Time was against me this week. I longed to enjoy some timeless moments, but it has felt like there aren’t enough hours in the day.
Sunlit hours are dissolving into the shadows of wintry nights. Our dog Mera is anxious about venturing out after dark, so there are extra daytime walks to schedule. And, as of a month ago, I’m working full-time.
My new job - managing marketing and brand development for the UK’s largest relationship counselling service, Relate - is exciting and rewarding. But by the time my working day ends, it is dark outside. Once chores, tea and baths are done, there are precious few moments left before sleep demands my presence in the world of dreams.
Ironically, this week I had planned to write about time. I didn’t quite manage to weave my thoughts together, but here are some of the inspirations and provocations I gathered with an array of perspectives on time itself.
If you have a moment this weekend, these are good things to explore.
Natural rhythms
Daylight saving does nothing except shift our reference point by 60 minutes. Clocks changing in autumn may bring nightfall an hour sooner, yet no time is lost. We simply recalibrate.
But as Rachelle Wilson Tollemar points out in her insightful article for The Conversation, our twice-yearly argument about clocks misses the wider point that winter rest is an essential element of nature’s balance.
“We are the only species that chooses to fight against our biological presets,” she writes, “regularly changing our clocks, miserably dragging ourselves into and out of bed at unnatural hours.”
I have often wondered how it would be to live perpetually governed by the movement of sun. Though I’m not a morning person, I have had a handful of midsummer days wandering from sunrise to sunset. Hours stretch endlessly. Compared to the enclosing of winter, time becomes generous and luxurious.
This week, I have felt Tollemar’s call to embrace the rhythm of life deep in my soul. If only I had the time.
Dissolving reality
But perhaps time isn’t the rigid taskmaster I imagine it to be.
I first read Carlo Rovelli’s The Order of Time during my years of wandering. Without a permanent home or regular work, I had the freedom to slip sideways out of time, unshackled from the constraints of calendars and clocks. I lost track of days. And in truth, I sometimes lost track of reality. Life beyond time can be disorienting.
Physics and poetry are pursuits of the truth of things, and The Order of Time is the remarkable product of Rovelli’s reality-revealing wordsmithery. From his unique vantage point as a physicist with the heart of a poet, he explores how the essential nature of time is not as orderly as we might have believed.
Whenever I step over the threshold of a labyrinth, I sense myself slipping into a realm when time moves differently. Time loops and whirls, flows forward and back, pools languidly and rushes like water from a breached dam. Sometimes, it does not flow at all, but jumps from moment to moment. These various sensings of time are not only in my imagination. I am grasping something of the reality of time’s becoming.
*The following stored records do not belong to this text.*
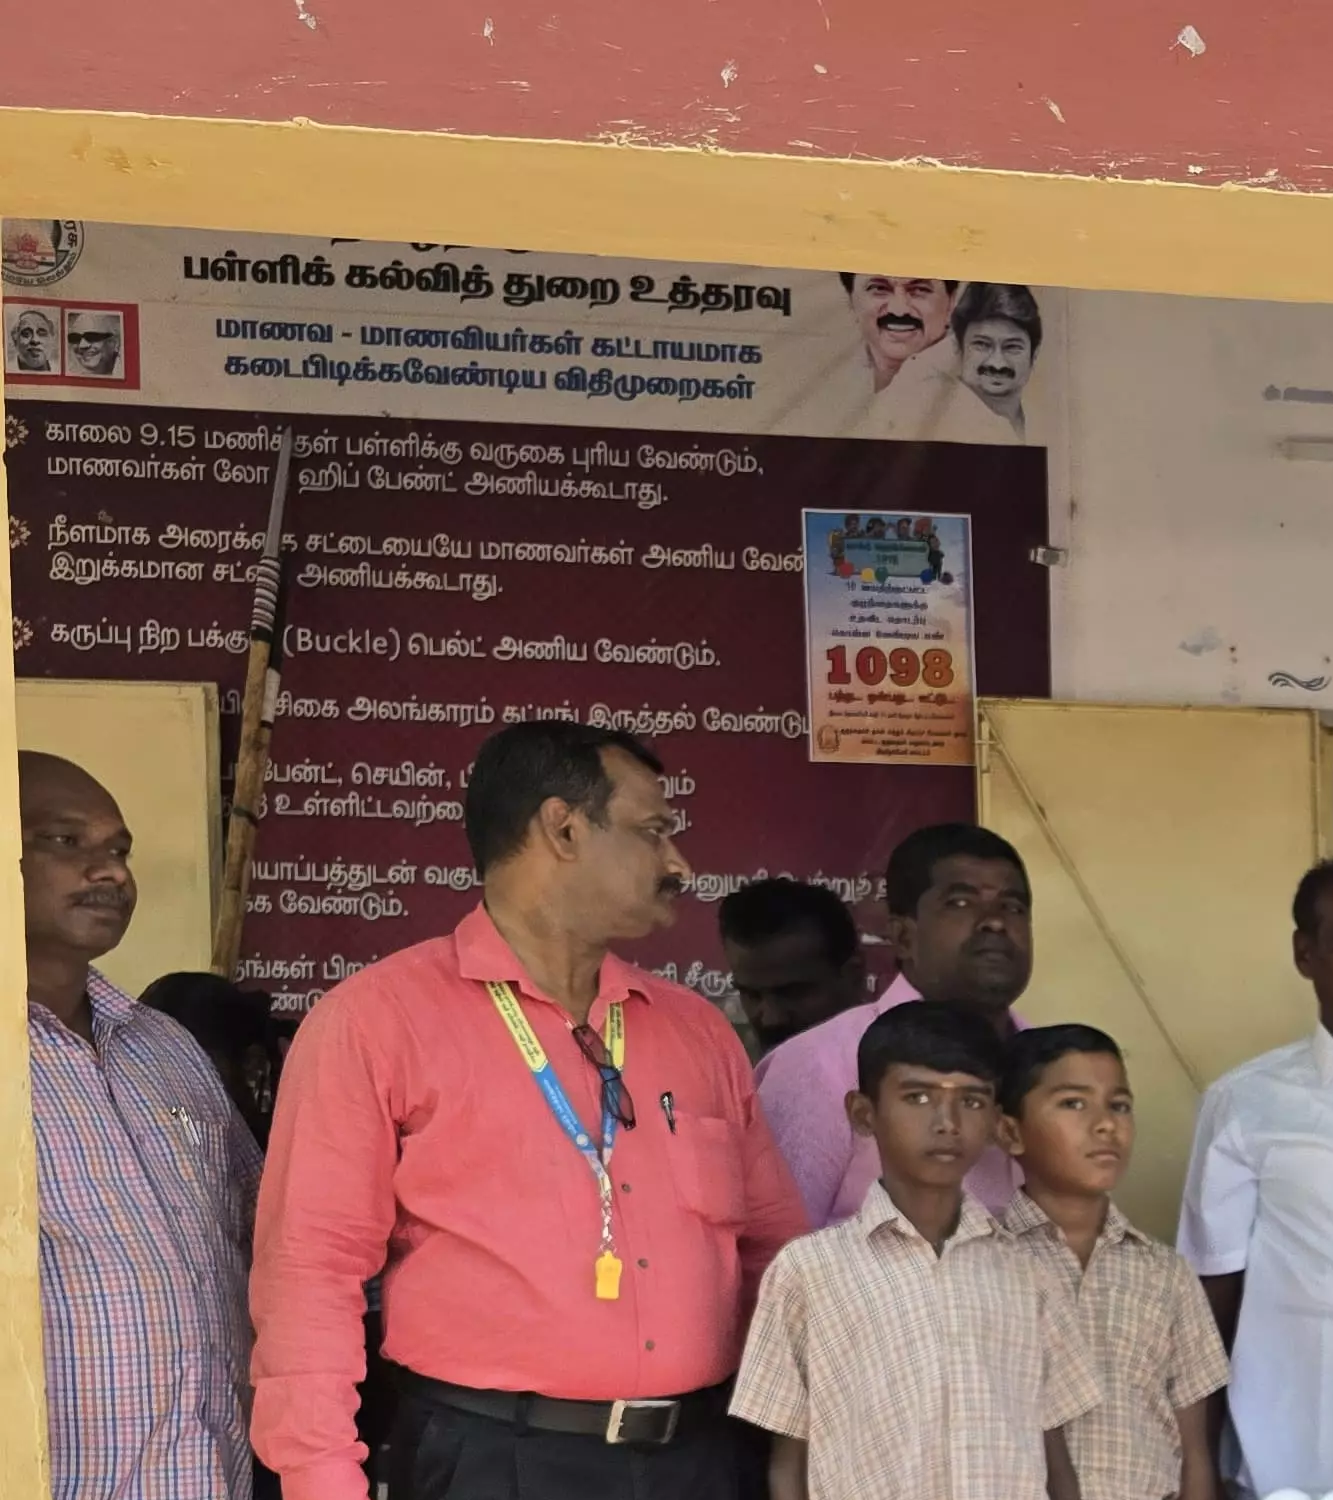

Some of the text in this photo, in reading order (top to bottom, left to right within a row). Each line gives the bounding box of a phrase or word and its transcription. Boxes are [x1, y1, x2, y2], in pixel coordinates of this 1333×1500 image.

[183, 249, 792, 316] பள்ளிக் கல்வித் துறை உத்தரவு
[216, 317, 333, 344] மாணவ
[360, 325, 585, 356] மாணவியர்கள்
[591, 337, 764, 365] கட்டாயமாக
[224, 353, 756, 402] கடைபிடிக்கவேண்டிய விதிமுறைகள்
[46, 422, 132, 444] காலை
[140, 422, 197, 448] 9.15
[345, 432, 464, 464] பள்ளிக்கு
[470, 439, 565, 466] வருகை
[573, 440, 631, 473] புரிய
[47, 453, 206, 482] மாணவர்கள்
[298, 461, 360, 494] ஹிப்
[367, 464, 459, 493] பேண்ட்
[48, 513, 151, 550] நீளமாக
[305, 533, 473, 562] சட்டையையே
[480, 533, 635, 567] மாணவர்கள்
[641, 543, 736, 571] அணிய
[49, 551, 204, 586] இறுக்கமான
[298, 562, 503, 600] அணியக்கூடாது.
[50, 616, 132, 654] கருப்பு
[138, 618, 180, 655] நிற
[282, 624, 401, 661] (Buckle)
[407, 630, 487, 659] பெல்ட்
[492, 634, 588, 662] அணிய
[594, 637, 721, 670] வேண்டும்.
[826, 644, 955, 689] 1098
[347, 694, 496, 727] அலங்காரம்
[588, 702, 697, 737] இருத்தல்
[279, 888, 409, 921] வேண்டும்.
“The difference between past and future, between cause and effect, between memory and hope, between regret and intention…” writes Rovelli. “In the elementary laws that describe the mechanisms of the world, there is no such difference.”
Rovelli’s work is not for the faint-hearted. His writing is accessible and illuminating, but his subject matter is profoundly disconcerting. Read the book with your feet firmly on the ground, and listen for the rising and falling of your breath. Even as the imagined march of time dissolves into silence, your heart somehow keeps beating.
Naming time
If you want something altogether lighter and more grounding, I recommend this video exploring the etymology of words related to time.
In it, I found out that hours and years share a common ancestor. I learned about the sennight, a word that we’ve collectively dismissed in favour of the more prosaic week. And I stumbled on a word we should definitely revive. Why do we talk about the day after tomorrow when the enchanting overmorrow languishes in a dusty corner with the dictionary’s obsolete words?
If you enjoy a gentle stroll through the world of words, I think you’ll appreciate this.
Until next time.




Overmorrow is a delightful word.
Lots to ponder on here, Dru. Thanks for sharing your thoughts. And congratulations on the new job!